Appropriate storage procedures should be followed to protect PhosPlus sources from unnecessary exposure to moisture. Proper storage will contribute to increased uniformity and long life of the sources and will improve the electrical properties of your devices.

For dedicated diffusion tubes, we recommend that PhosPlus sources be stored in the hot zone of the tube near 600°C. Sufficient dry nitrogen should flow through the tube so that no backstreaming will reach the sources.

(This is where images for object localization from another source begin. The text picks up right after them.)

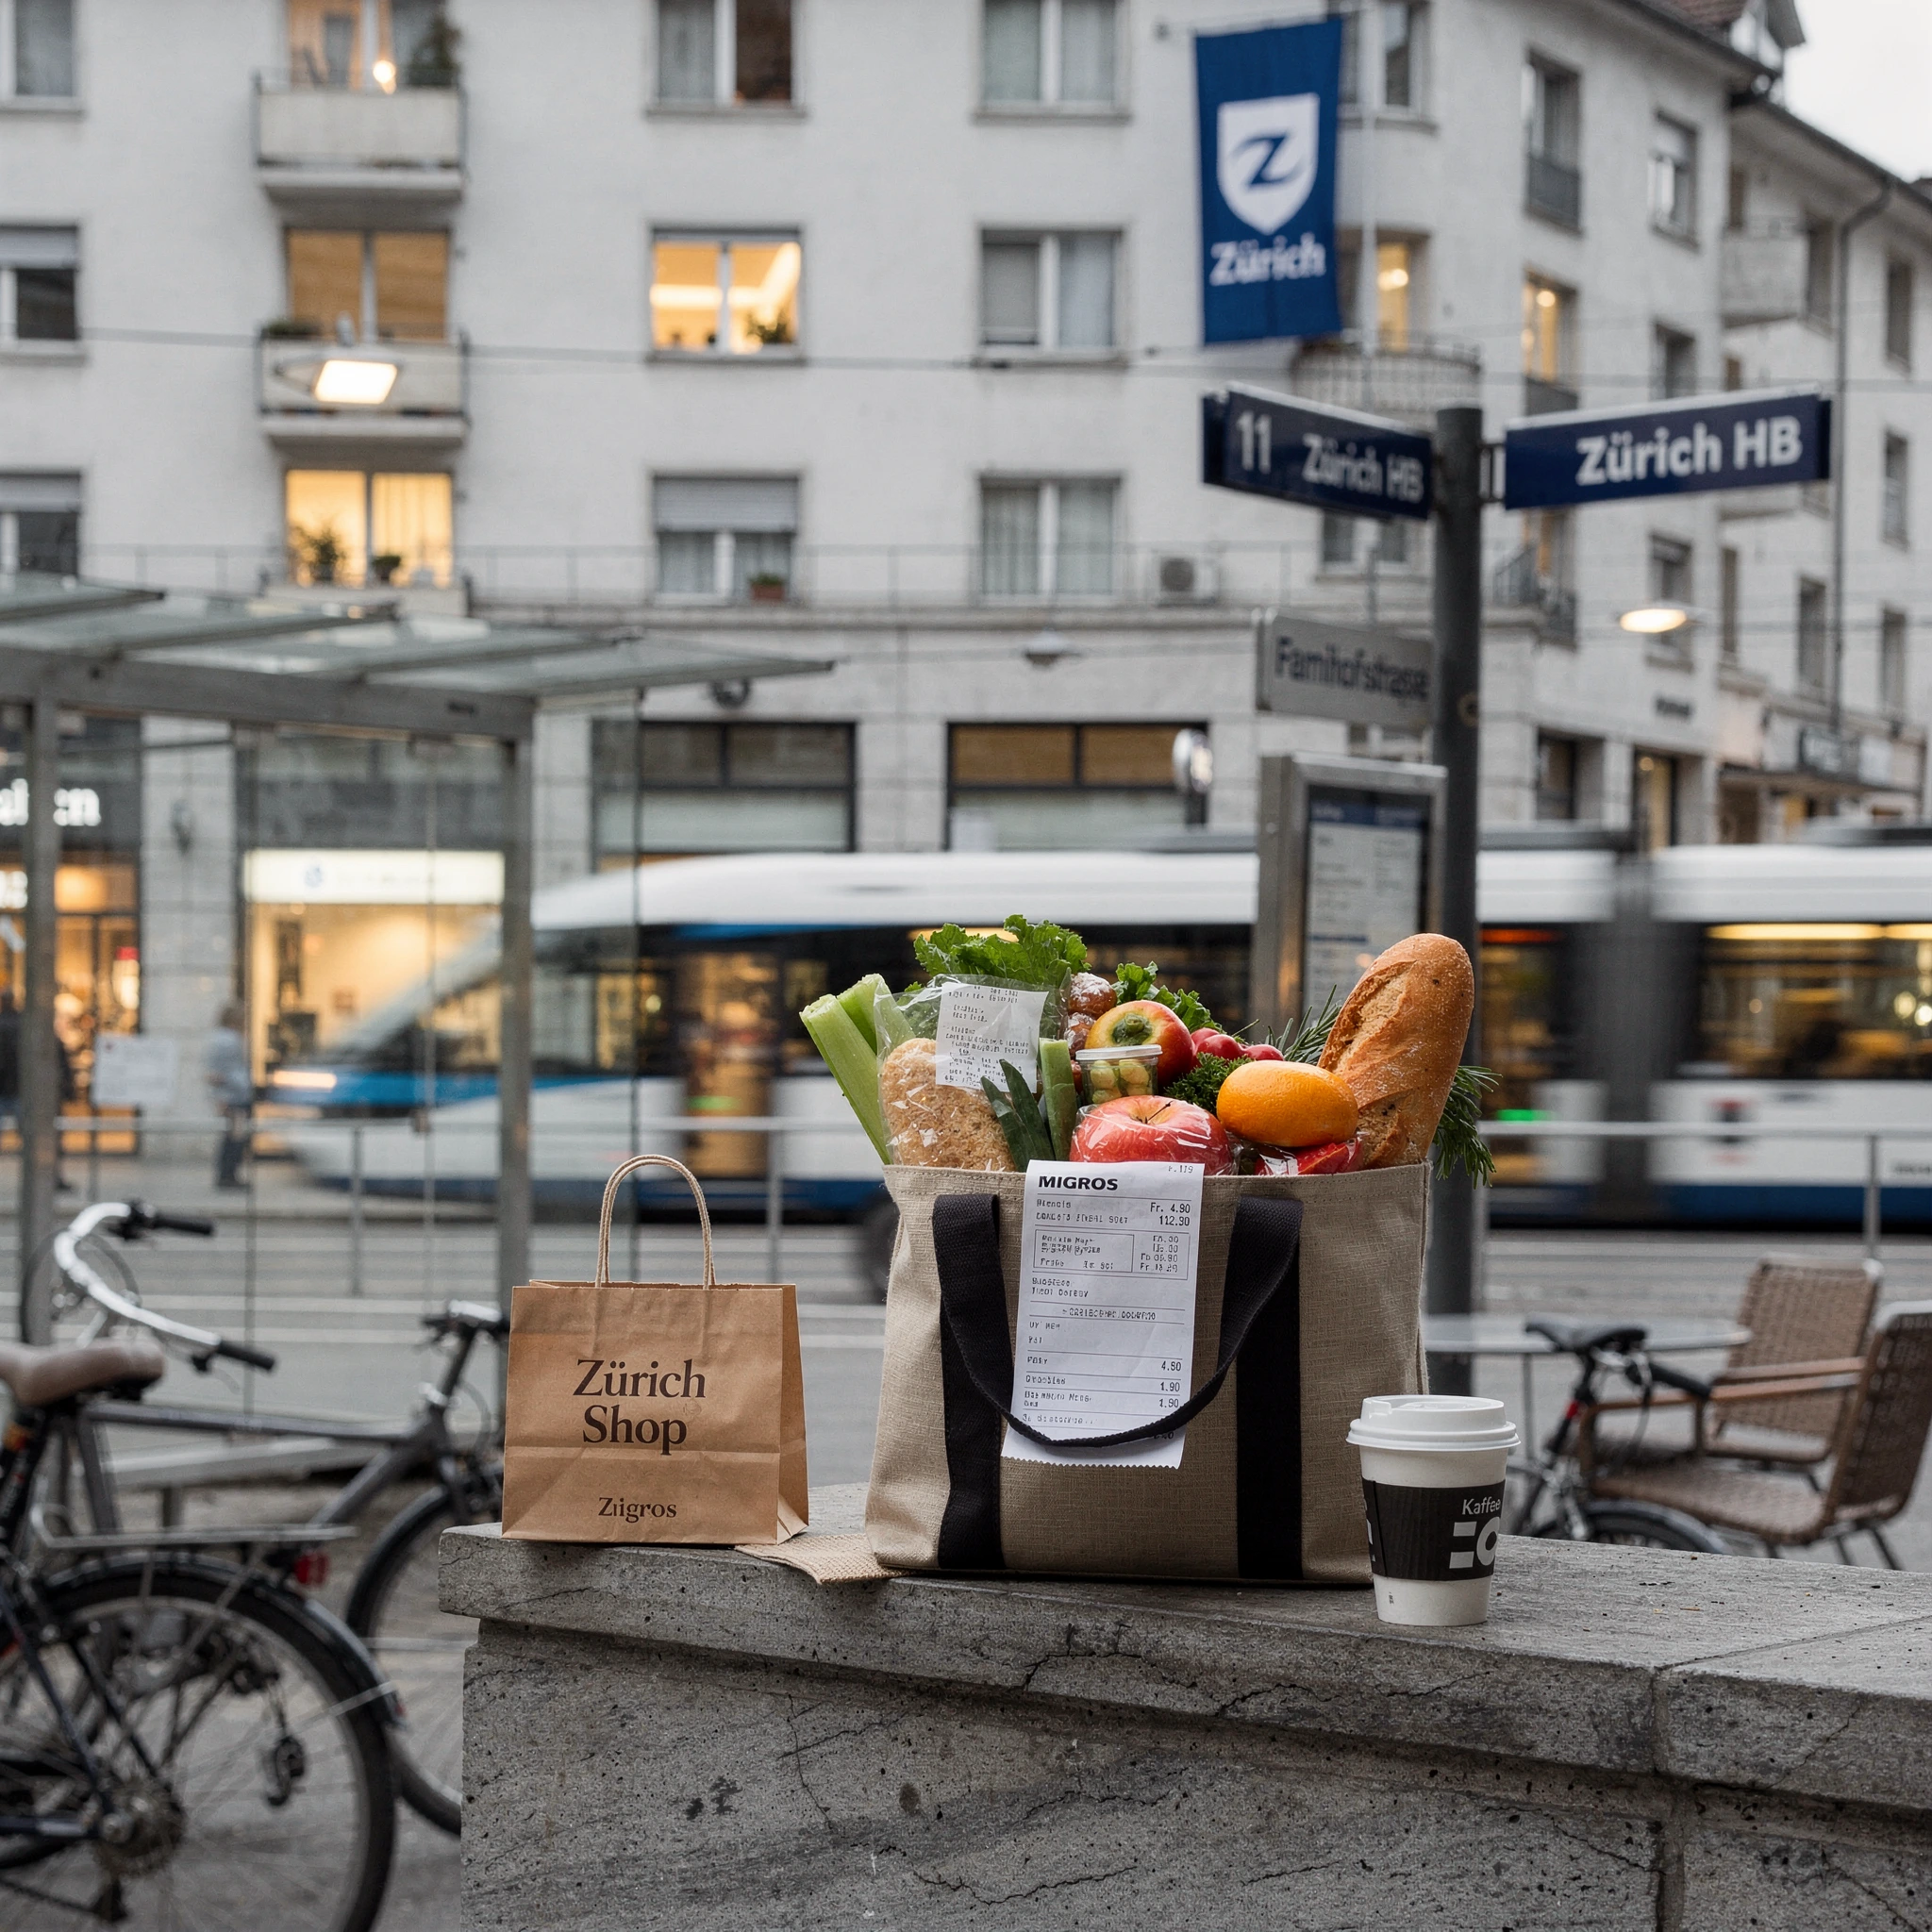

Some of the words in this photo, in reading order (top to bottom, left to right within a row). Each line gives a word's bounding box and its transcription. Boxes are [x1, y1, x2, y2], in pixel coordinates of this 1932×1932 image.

[1210, 233, 1326, 287] Zürich
[1237, 409, 1271, 474] 11
[1302, 432, 1383, 495] Zürich
[1386, 453, 1424, 504] HB
[1575, 424, 1722, 486] Zürich
[1733, 416, 1803, 470] HB
[1038, 1175, 1119, 1191] MIGROS
[1150, 1202, 1164, 1213] Fr.
[573, 1358, 706, 1398] Zürich
[582, 1404, 688, 1456] Shop
[1461, 1496, 1502, 1515] Kaffee
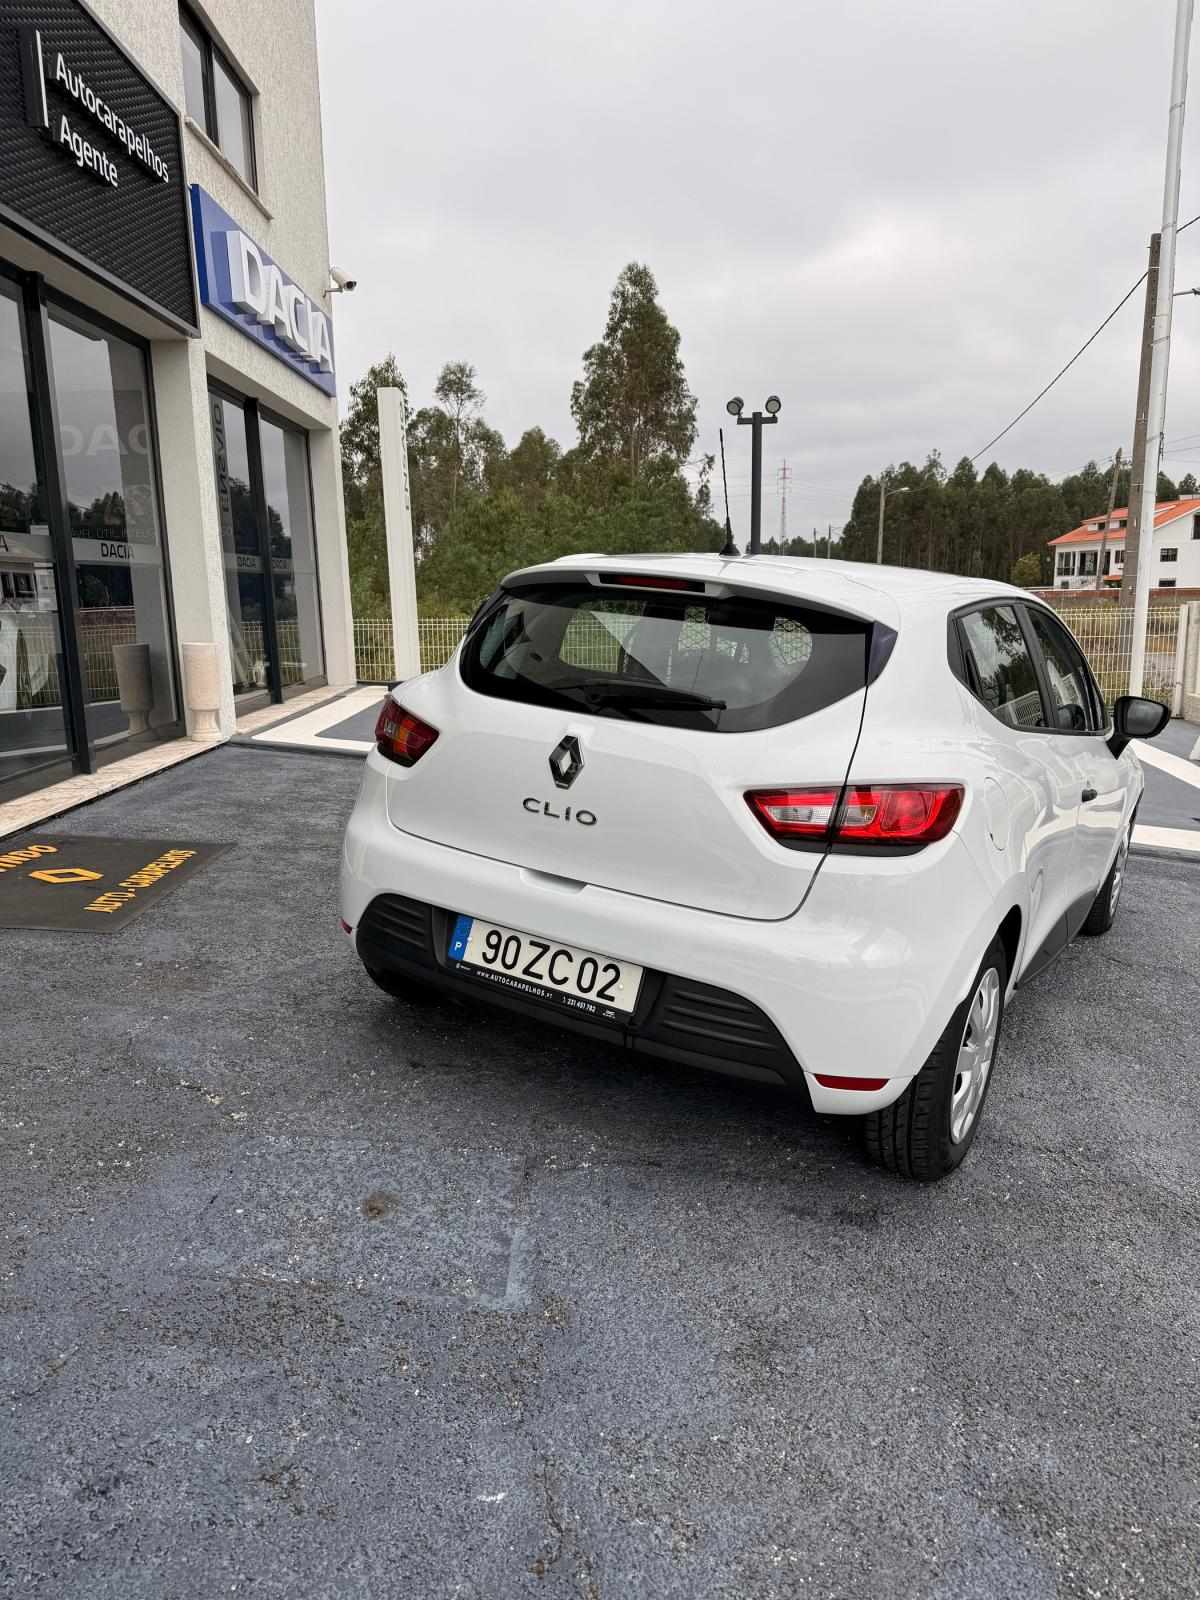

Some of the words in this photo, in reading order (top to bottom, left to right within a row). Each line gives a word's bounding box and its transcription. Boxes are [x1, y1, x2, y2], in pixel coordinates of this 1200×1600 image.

[56, 53, 169, 183] Autocarapelhos
[60, 115, 118, 187] Agente
[226, 230, 333, 374] DACIA
[101, 542, 135, 560] DACIA
[522, 797, 597, 826] CLIO
[454, 941, 463, 951] P
[482, 929, 621, 1002] 90ZC02

In those cases where the diffusion furnace is used for other processing steps, or is somehow not suitable for storing PhosPlus sources, the PhosPlus sources should be stored in an oven at a temperature above about 200°C. The oven must be continuously purged with dry nitrogen flowing at a rate sufficient to prevent room air from entering the storage chamber.

When the sources are stored in room air or accidentally left in room air for a considerable period of time, sufficient moisture might be adsorbed to affect their performance during the following run. Their performance can be easily restored, however, by inserting the sources into the diffusion tube at the insertion temperature for about 15 minutes. When they are withdrawn from the tube, the boat is ready for loading with production silicon. Additional information on storage can be found in Product Bulletin Storage.


Carbone, T., “Solid-Source Doping of a Double Polysilicon Capacitor,” Semiconductor International, Nov. (1997), pp. 89-95.

James E. Rapp and Thomas A. Carbone, “Surface Roughness of Polysilicon Layers Doped with Solid Sources,” SEMICON® China 99 Technical Symposium Proceedings, March 17, 1999, Beijing (available through SEMI™ at www.semi.org under the “Technical Papers” link of the SEMI™Online Store).

Kamins, T., Polycrystalline Silicon for Integrated Circuit Applications, 3rd printing, Kluwer Academic Publishers, Boston, (1994).

Rogenski, R., “Phosphorus Deposits Impact Polysilicon Surfaces,” Global Semiconductor 2002, Sterling Publications Limited, London, (2001), pp. 25-26.